The floor is open for him to speak more about it, but I will note that for 6M62 the Rel_Record_* structures produced seem to be in almost all respects identical to that of the “unreversed” or “forward” version of the relation. (I say “almost all” because it can differ in what’s produced for at least the RELS_TEST, RELS_ASSERT_TRUE, and RELS_ASSERT_FALSE tasks.)

As he points out, these I6 relation structures are produced only when an active-voice, single-word verb is used for the meaning of a reversed relation (a fact which sheds more light on the discussion of the meaning of verbs found in WWI 14.9 Verbs as values).

7 Likes

To start the discussion of Award #1 (given to @drpeterbatesuk): His award-winning post demonstrates a workaround for matching an object to command input via a property of the object holding a topic.

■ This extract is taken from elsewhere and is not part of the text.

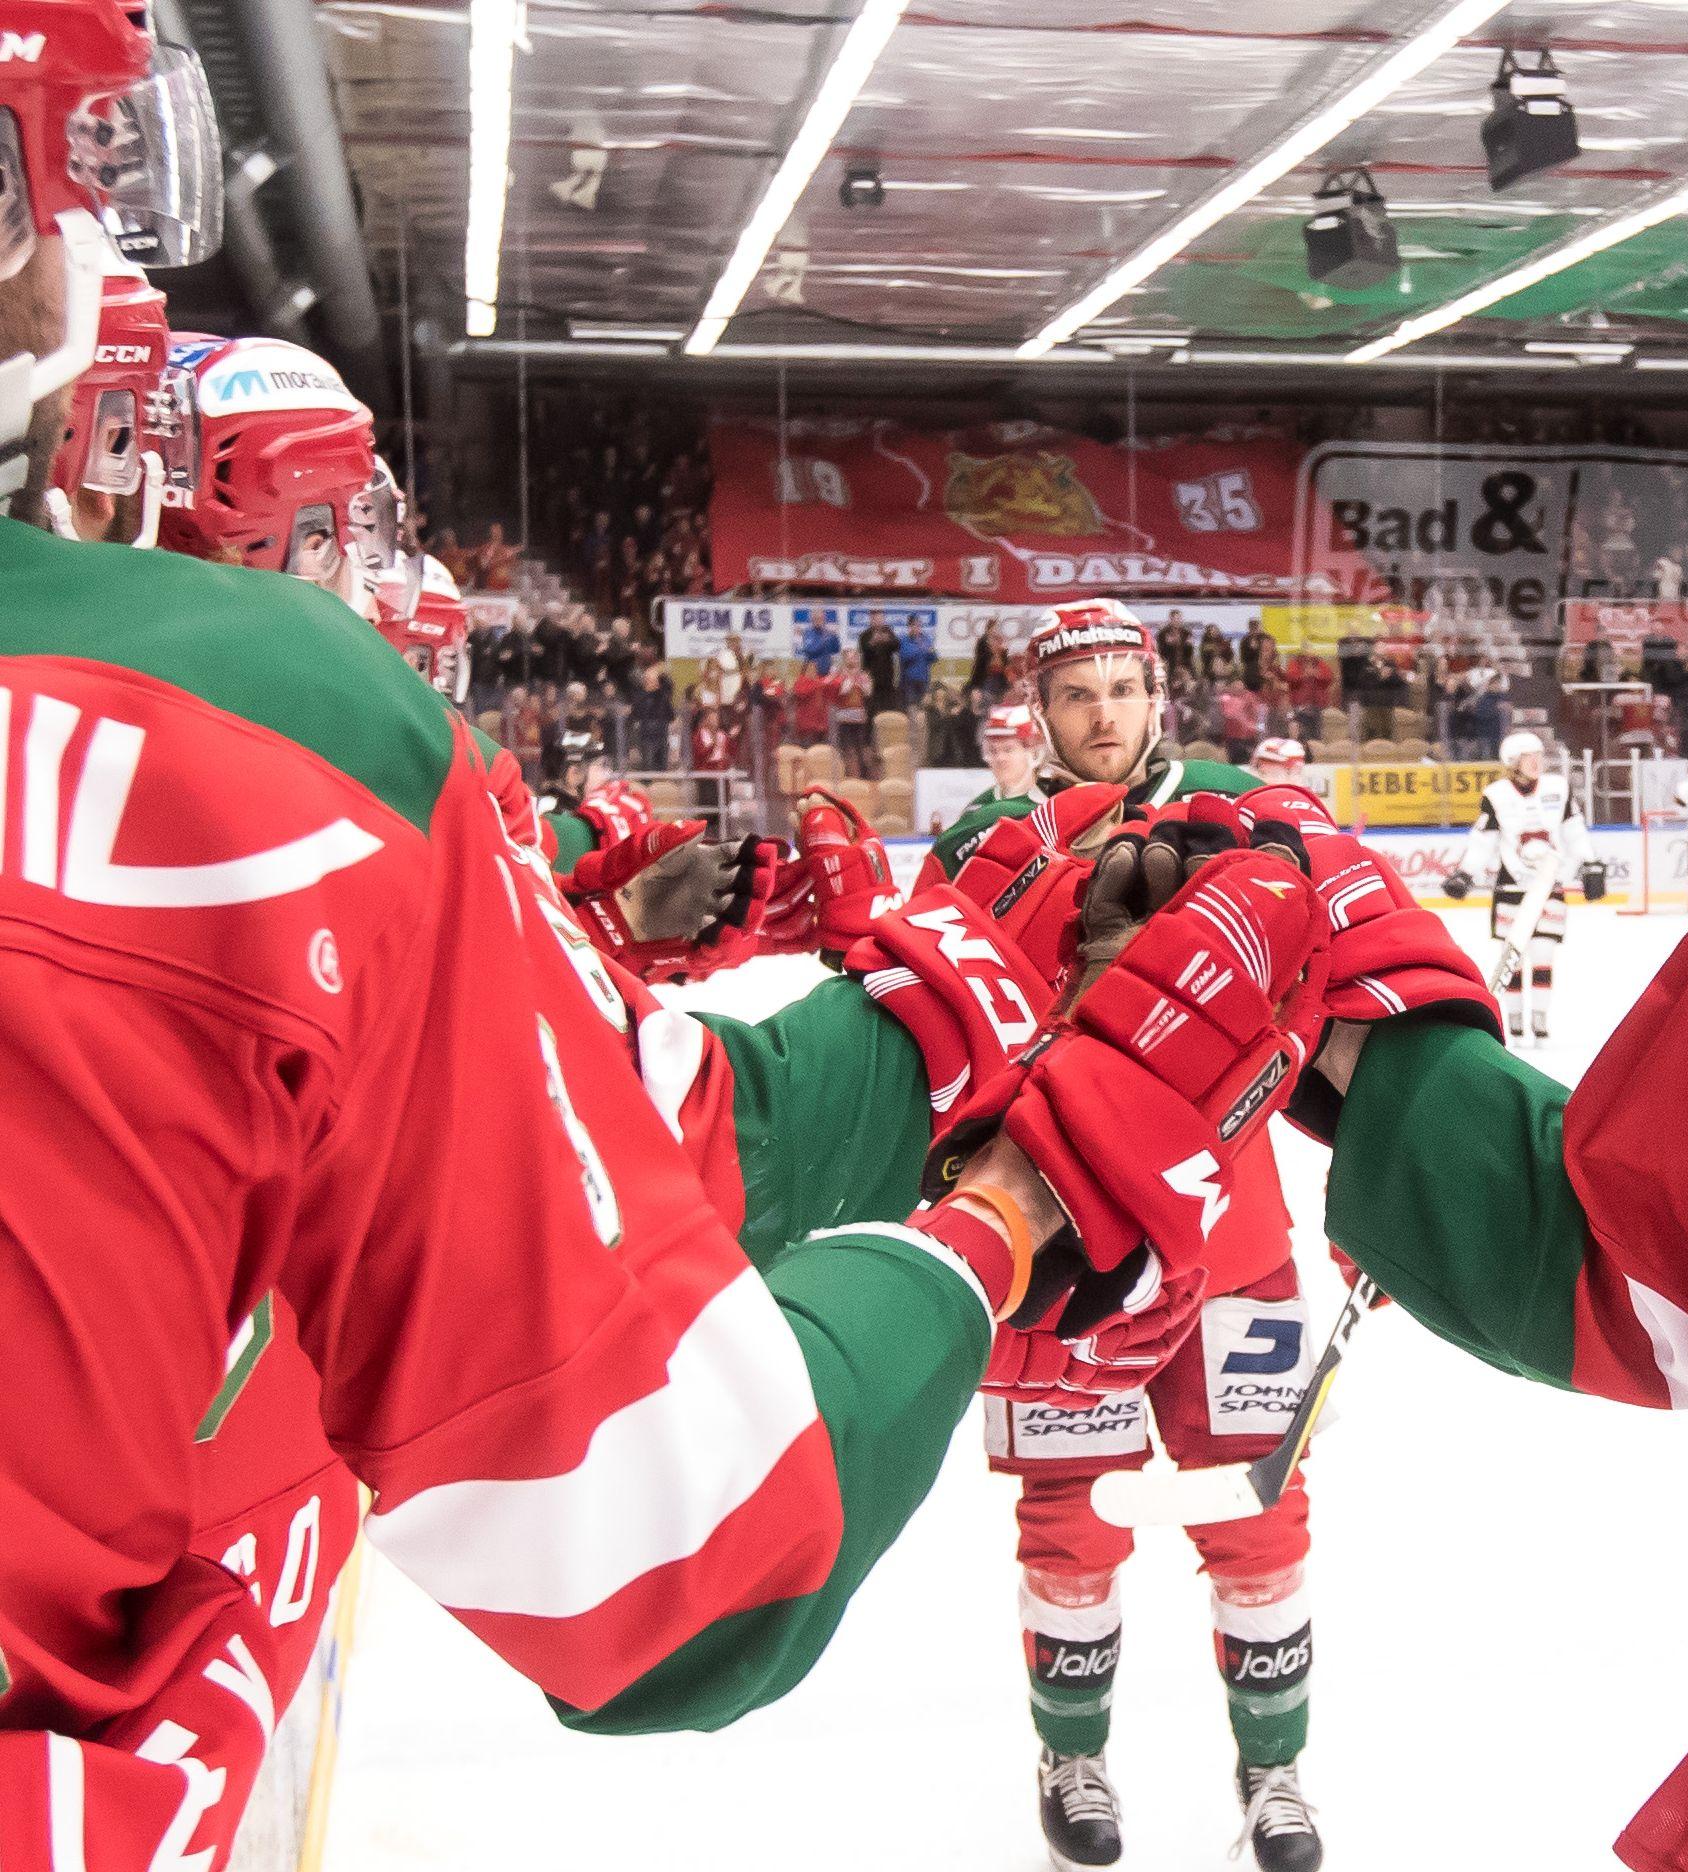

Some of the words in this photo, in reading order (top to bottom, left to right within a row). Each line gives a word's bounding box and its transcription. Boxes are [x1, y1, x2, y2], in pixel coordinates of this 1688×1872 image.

Care to say anything more about it, drpeterbatesuk?

3 Likes

This was one of those triggering situations where it seemed as though the compiler should take a simple phrase in its stride, but it was rejected in disgust with an error message that was itself a little misleading:

Problem. You wrote ‘Understand the colour-range property as describing a swatch’ : but that property is of a kind which I can’t recognise in typed commands, so that it cannot be understood as describing or referring to something. I can understand either/or properties, properties with a limited list of named possible values, numbers, times of day, or units; but certain built-into-Inform kinds of value (like snippet or rulebook, for instance) I can’t use.

See the manual: 17.15 > 17.15. Understanding things by their properties

‘that property is of a kind which I can’t recognise in typed commands’ was something of a surprise, since a topic is very much something one might expect the parser to recognise in typed commands.

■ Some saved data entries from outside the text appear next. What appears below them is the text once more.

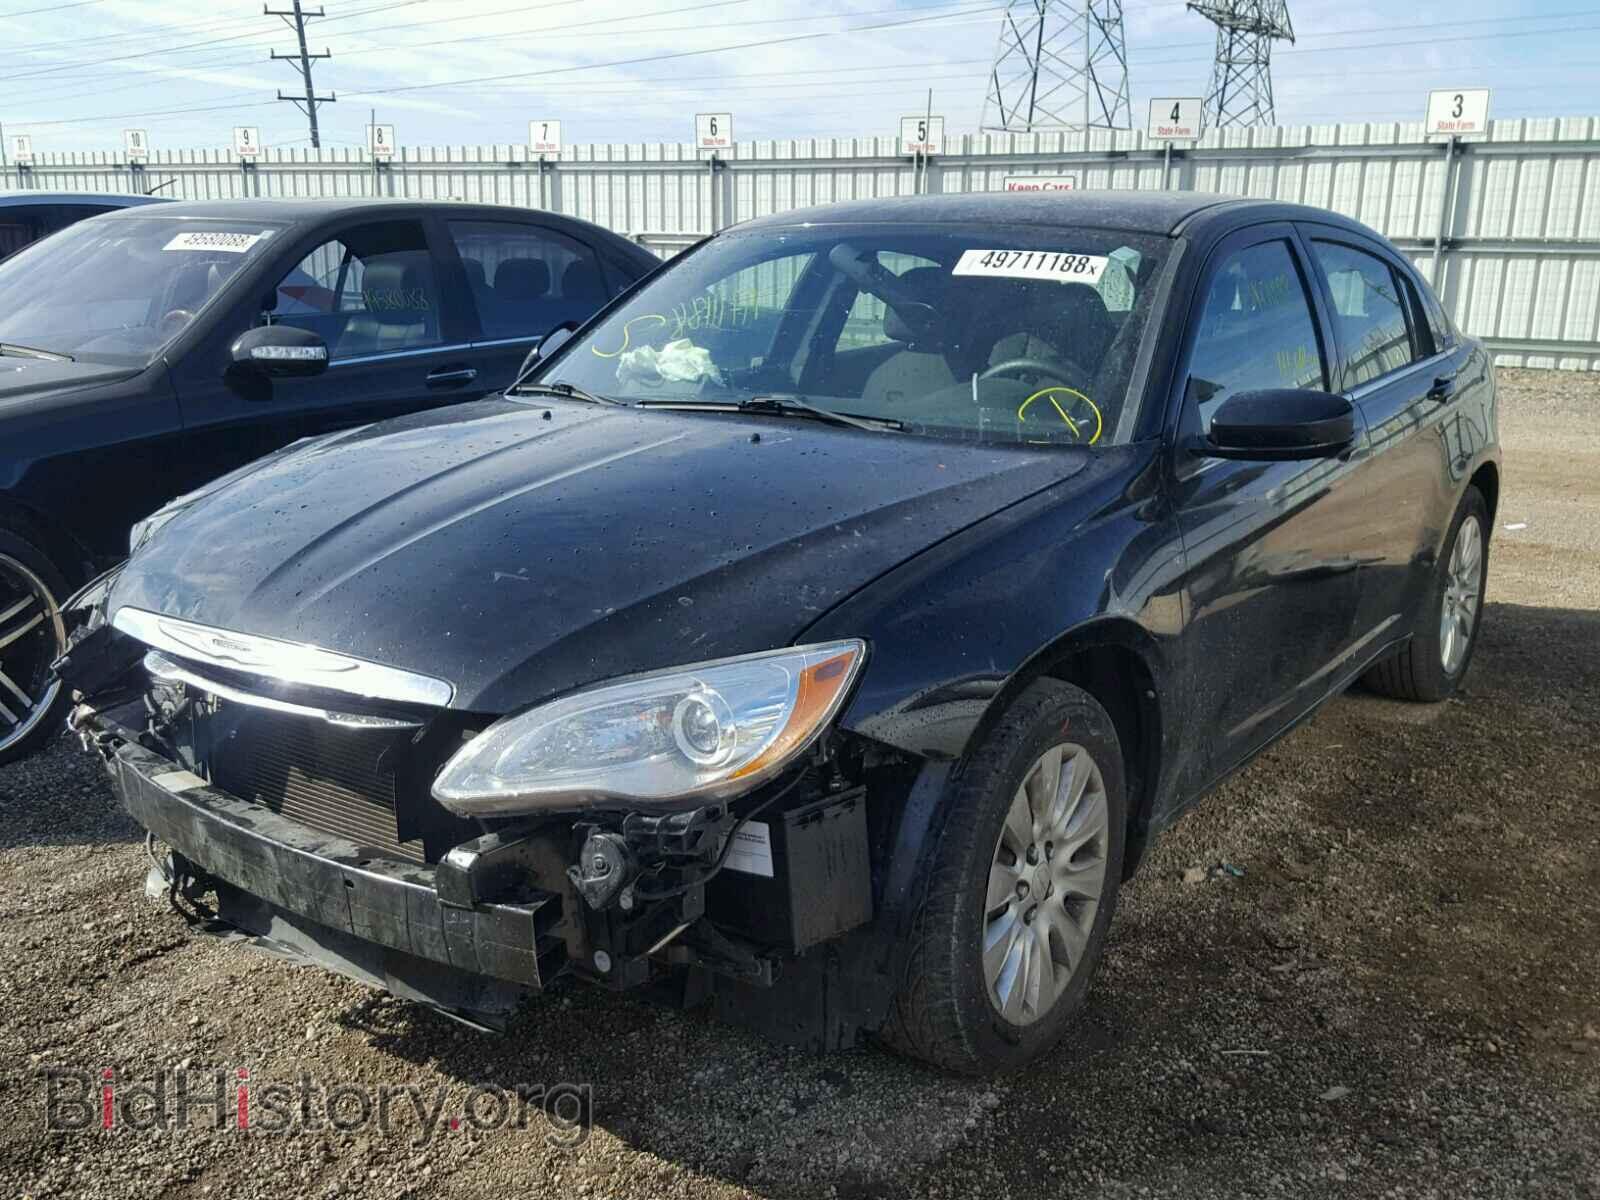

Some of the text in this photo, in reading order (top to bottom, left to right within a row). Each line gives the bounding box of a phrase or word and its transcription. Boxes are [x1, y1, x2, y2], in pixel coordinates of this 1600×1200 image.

[1170, 102, 1180, 124] 4
[1452, 94, 1463, 118] 3
[542, 123, 548, 140] 7
[710, 117, 717, 136] 6
[918, 121, 926, 141] 5
[131, 133, 140, 147] 10
[243, 129, 249, 144] 9
[376, 128, 383, 144] 8

To elaborate, the word ‘topic’ has a confusing usage in Inform, as it refers to two entirely different entities. The more commonly encountered one is found in action definitions such as:

Conversing is an action applying to one thing and one topic.

Here, ‘topic’ refers to a sequence of unparsed words, a part of a typed command that could be any text at all and which the parser is not expected to process. Seasoned Informers will realise that part of a typed command is usually now referred to as a ‘snippet’, not a ‘topic’- but the use of the latter term here has historic roots in actions using snippets to represent topics of conversation. e.g.

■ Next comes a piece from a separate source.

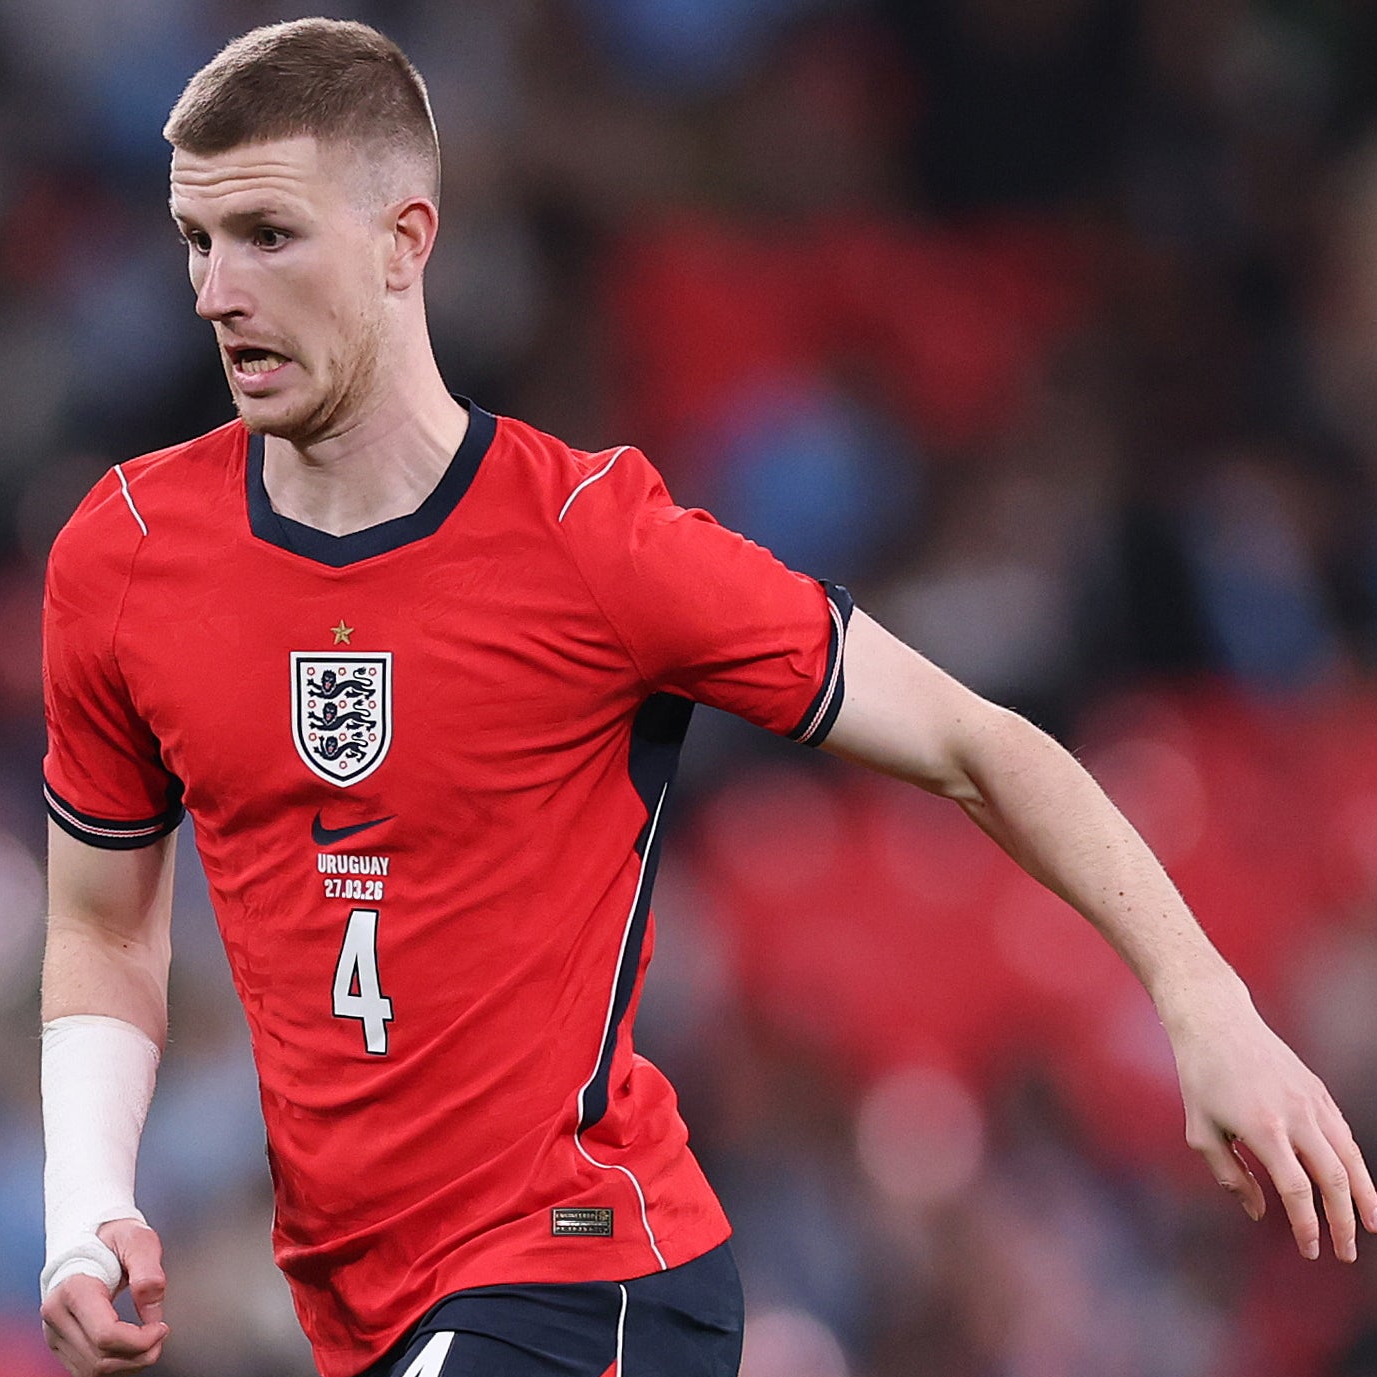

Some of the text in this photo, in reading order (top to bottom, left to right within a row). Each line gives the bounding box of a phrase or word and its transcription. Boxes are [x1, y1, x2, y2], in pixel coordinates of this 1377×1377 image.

[317, 853, 390, 876] URUGUAY
[324, 878, 383, 901] 27.03.26
[331, 908, 394, 1055] 4

Understand "converse with [someone] about [text]" as conversing.

Here, just to add to the confusion, the ‘topic’ or (more properly) ‘snippet’ referred to in the action definition is in Understand... phrases represented by a [text] token- which again really represents not a text as in Inform’s text kind, but part of a typed command (here, the part coming after “converse with [someone] about”), in other words a snippet.

However, after parsing, just to add insult to injury, the snippet the parser matched to the [text] token must be referred to as ‘the topic understood’- e.g.

Instead of conversing with Mr Darcy:
    say "Mr Darcy clearly has no interest in [the topic understood].".

Having got this other historic meaning of ‘topic’==‘snippet’ out of the way, what is a topic in the sense of Inform’s topic kind? It is neither a text or a snippet but a routine to match one or more words against a snippet. What does that mean? Recall that a snippet is a sequence of words in the player’s command. A snippet has no textual meaning separate to the typed command because in itself a snippet consists simply of an encoding of two numbers- a starting point and a number of words. The encoding is (start-word)*100+(number of words). So a snippet encoded as 204 means the second to fifth words (inclusive) of the typed command. The snippet representing the full typed command is 100+(length of command in words) and this snippet has the special name ‘the player’s command’.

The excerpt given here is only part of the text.